*To do:*
Please copy every record below exactly and leave out the pictures.

Start of Supplied material

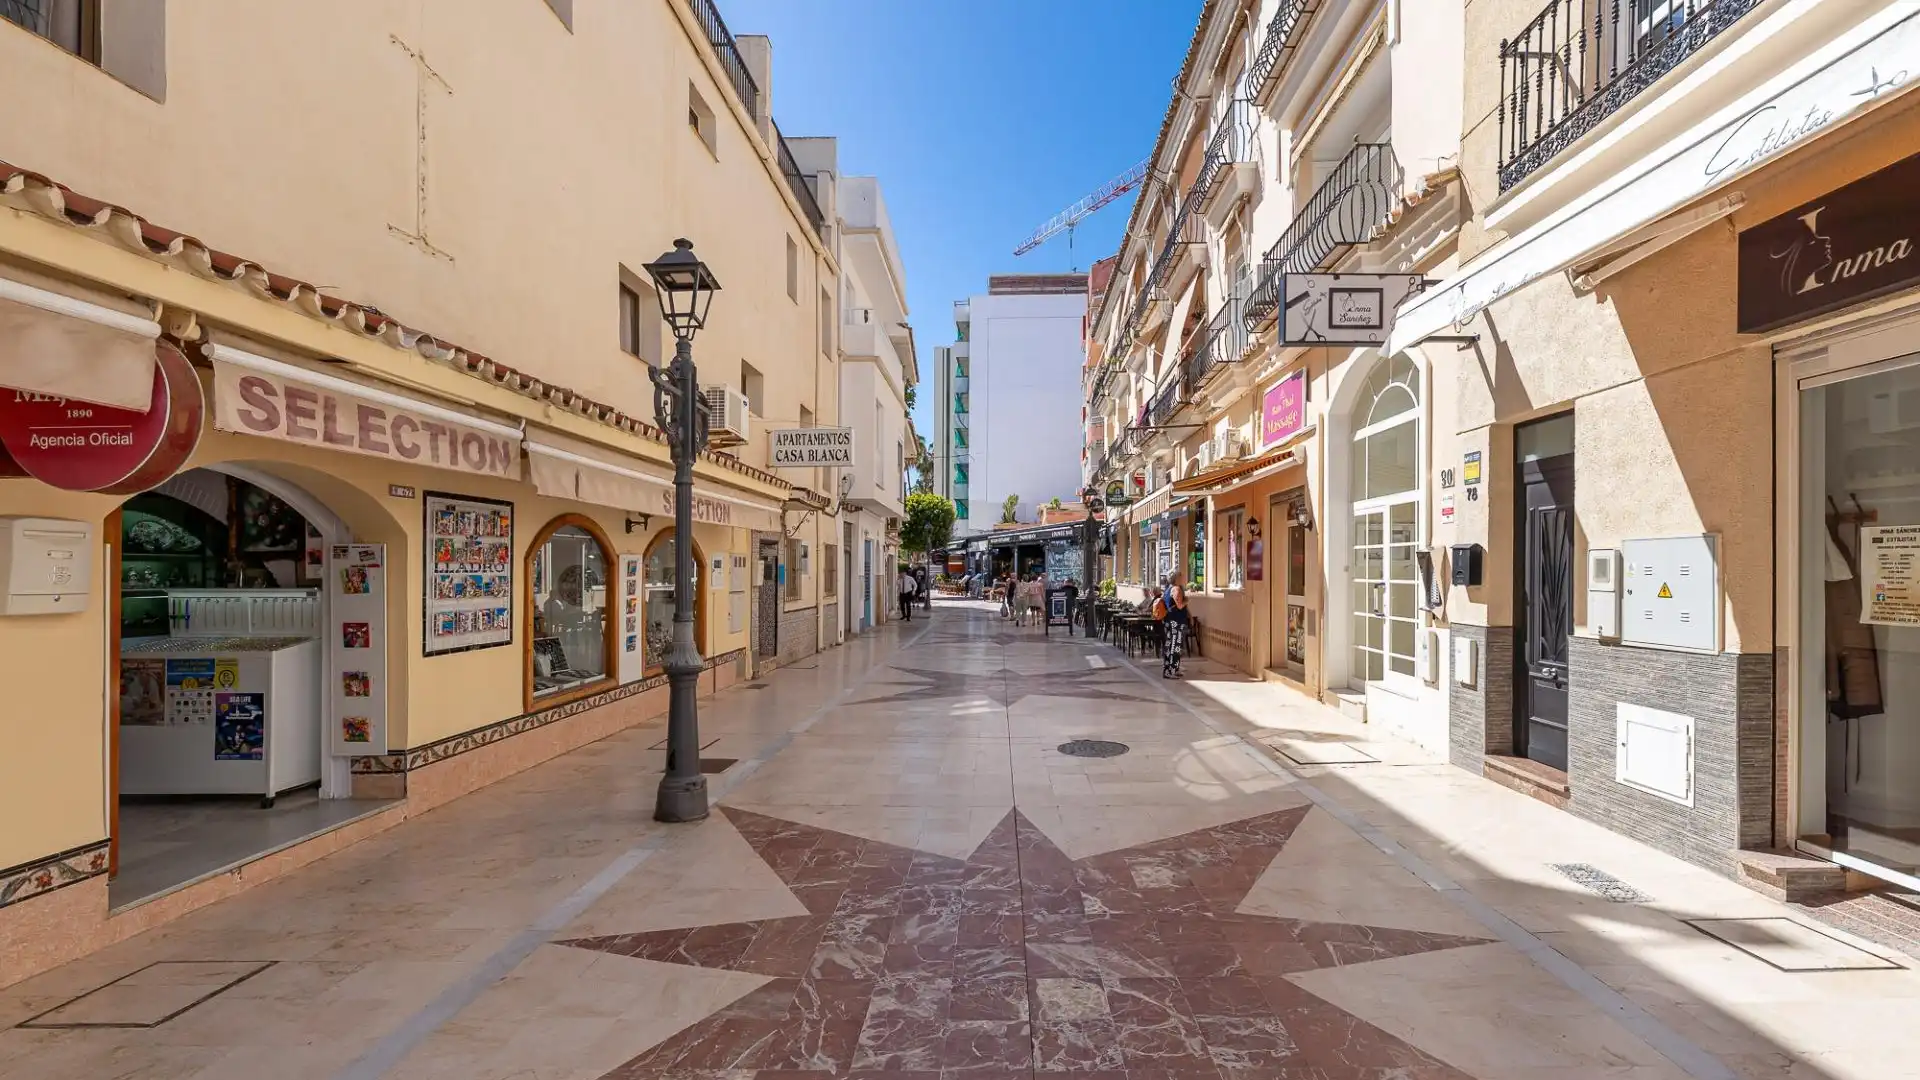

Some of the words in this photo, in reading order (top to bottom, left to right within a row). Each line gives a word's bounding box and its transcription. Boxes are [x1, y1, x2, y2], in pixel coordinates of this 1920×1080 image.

[1705, 104, 1835, 187] Estilistas
[67, 409, 93, 418] 1890
[236, 375, 511, 475] SELECTION
[30, 433, 85, 450] Agencia
[90, 432, 133, 446] Oficial
[776, 432, 850, 447] APARTAMENTOS
[776, 449, 804, 462] CASA
[808, 449, 850, 462] BLANCA
[1466, 486, 1478, 501] 78

End of Supplied material

*Expected answer:*
Some of the words in this photo, in reading order (top to bottom, left to right within a row). Each line gives a word's bounding box and its transcription. Boxes are [x1, y1, x2, y2], in pixel coordinates of this 1920×1080 image.

[1705, 104, 1835, 187] Estilistas
[67, 409, 93, 418] 1890
[236, 375, 511, 475] SELECTION
[30, 433, 85, 450] Agencia
[90, 432, 133, 446] Oficial
[776, 432, 850, 447] APARTAMENTOS
[776, 449, 804, 462] CASA
[808, 449, 850, 462] BLANCA
[1466, 486, 1478, 501] 78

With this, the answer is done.